═════ DATA EXTRACTS
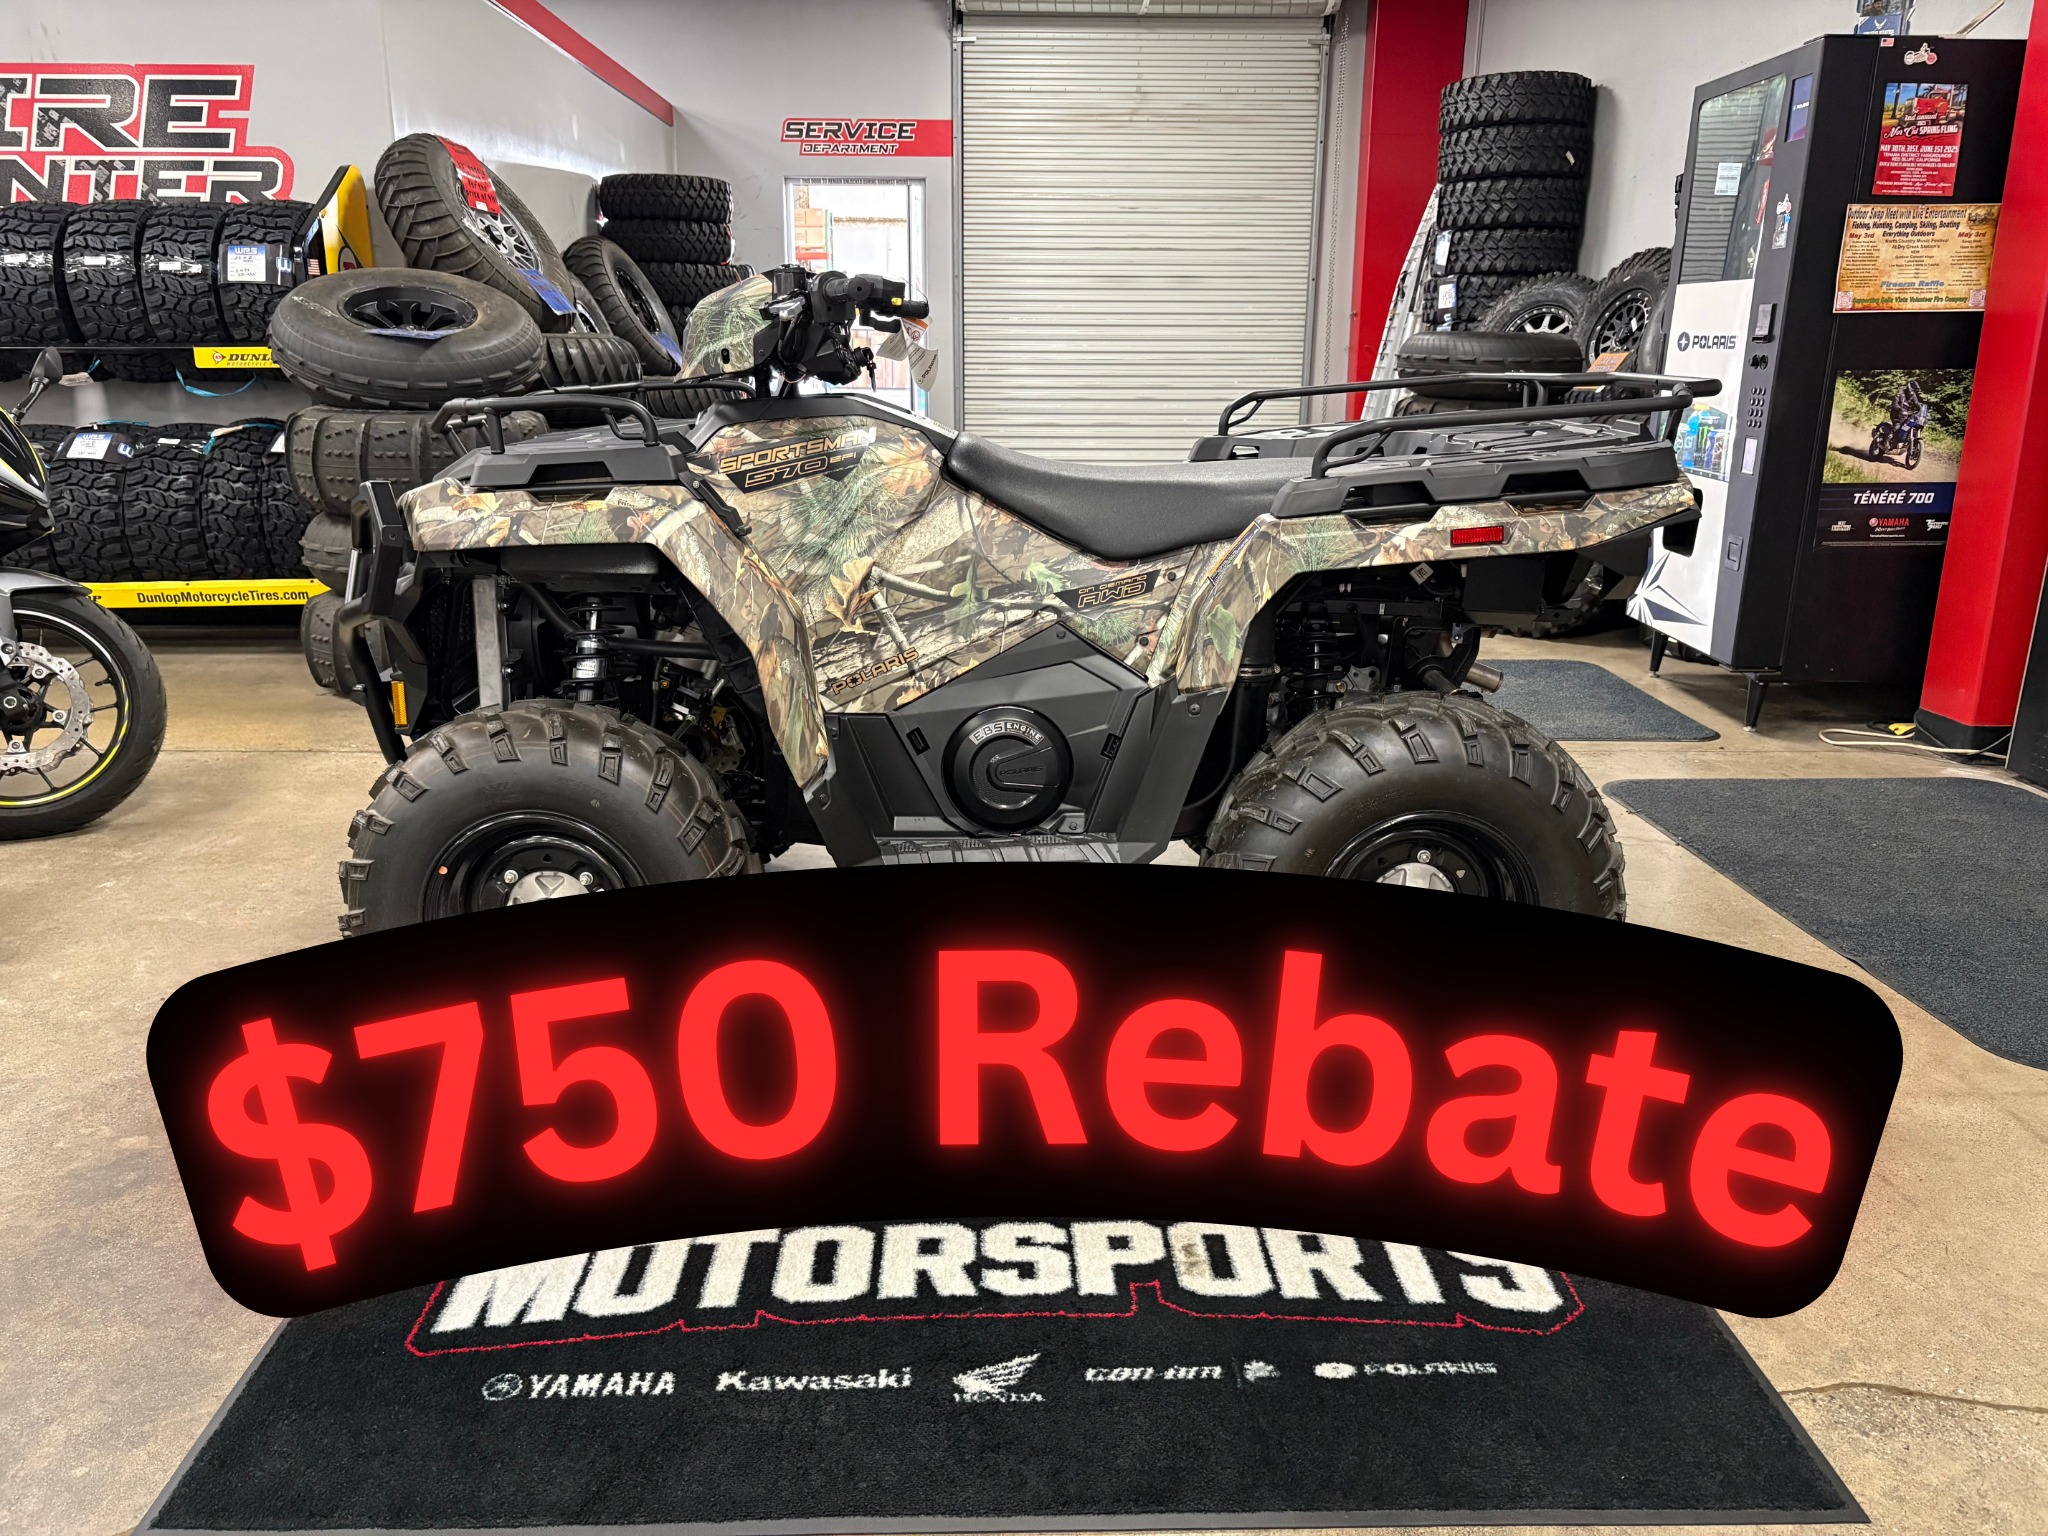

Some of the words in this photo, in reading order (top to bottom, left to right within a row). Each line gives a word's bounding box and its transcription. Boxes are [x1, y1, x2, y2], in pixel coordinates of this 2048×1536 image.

[783, 121, 917, 141] SERVICE
[1919, 125, 1941, 135] SPRING
[1940, 124, 1959, 134] FLING
[802, 143, 900, 155] DEPARTMENT
[1880, 144, 1891, 152] MAY
[1943, 145, 1959, 153] 2025
[1848, 207, 1869, 219] Outdoor
[1869, 207, 1885, 222] Swap
[1885, 207, 1899, 220] Meet
[1899, 208, 1912, 220] with
[1912, 208, 1924, 219] Live
[1925, 207, 1967, 219] Entertainment
[1852, 221, 1871, 230] Fishing,
[1872, 221, 1893, 230] Hunting,
[1895, 221, 1918, 230] Camping,
[1919, 221, 1938, 230] Skiing,
[1939, 220, 1961, 229] Boating
[234, 247, 259, 255] WPS
[1692, 335, 1737, 350] POLARIS
[719, 426, 877, 473] SPORTSMAN
[744, 455, 829, 488] 570
[829, 452, 857, 464] EFI
[1853, 490, 1907, 505] TÉNÉRÉ
[1907, 492, 1935, 504] 700
[1879, 518, 1910, 526] YAMAHA
[1078, 586, 1095, 595] ON
[1099, 574, 1147, 590] DEMAND
[137, 590, 309, 605] DunlopMotorcycleTires.com
[1077, 581, 1147, 609] AWD
[831, 647, 919, 696] POLARIS
[973, 722, 1003, 742] EBS
[1006, 722, 1042, 741] ENGINE
[1000, 766, 1043, 776] POLARIS
[430, 1221, 1563, 1333] MOTORSPORTS
[528, 1371, 677, 1399] YAMAHA
[715, 1366, 912, 1392] Kawasaki
══════════
■ YOUR INSTRUCTIONS: Output the whole of the data, unchanged; keep the pictures out.

■ OUTPUT OF THE EXERCISE:
Some of the words in this photo, in reading order (top to bottom, left to right within a row). Each line gives a word's bounding box and its transcription. Boxes are [x1, y1, x2, y2], in pixel coordinates of this 2048×1536 image.

[783, 121, 917, 141] SERVICE
[1919, 125, 1941, 135] SPRING
[1940, 124, 1959, 134] FLING
[802, 143, 900, 155] DEPARTMENT
[1880, 144, 1891, 152] MAY
[1943, 145, 1959, 153] 2025
[1848, 207, 1869, 219] Outdoor
[1869, 207, 1885, 222] Swap
[1885, 207, 1899, 220] Meet
[1899, 208, 1912, 220] with
[1912, 208, 1924, 219] Live
[1925, 207, 1967, 219] Entertainment
[1852, 221, 1871, 230] Fishing,
[1872, 221, 1893, 230] Hunting,
[1895, 221, 1918, 230] Camping,
[1919, 221, 1938, 230] Skiing,
[1939, 220, 1961, 229] Boating
[234, 247, 259, 255] WPS
[1692, 335, 1737, 350] POLARIS
[719, 426, 877, 473] SPORTSMAN
[744, 455, 829, 488] 570
[829, 452, 857, 464] EFI
[1853, 490, 1907, 505] TÉNÉRÉ
[1907, 492, 1935, 504] 700
[1879, 518, 1910, 526] YAMAHA
[1078, 586, 1095, 595] ON
[1099, 574, 1147, 590] DEMAND
[137, 590, 309, 605] DunlopMotorcycleTires.com
[1077, 581, 1147, 609] AWD
[831, 647, 919, 696] POLARIS
[973, 722, 1003, 742] EBS
[1006, 722, 1042, 741] ENGINE
[1000, 766, 1043, 776] POLARIS
[430, 1221, 1563, 1333] MOTORSPORTS
[528, 1371, 677, 1399] YAMAHA
[715, 1366, 912, 1392] Kawasaki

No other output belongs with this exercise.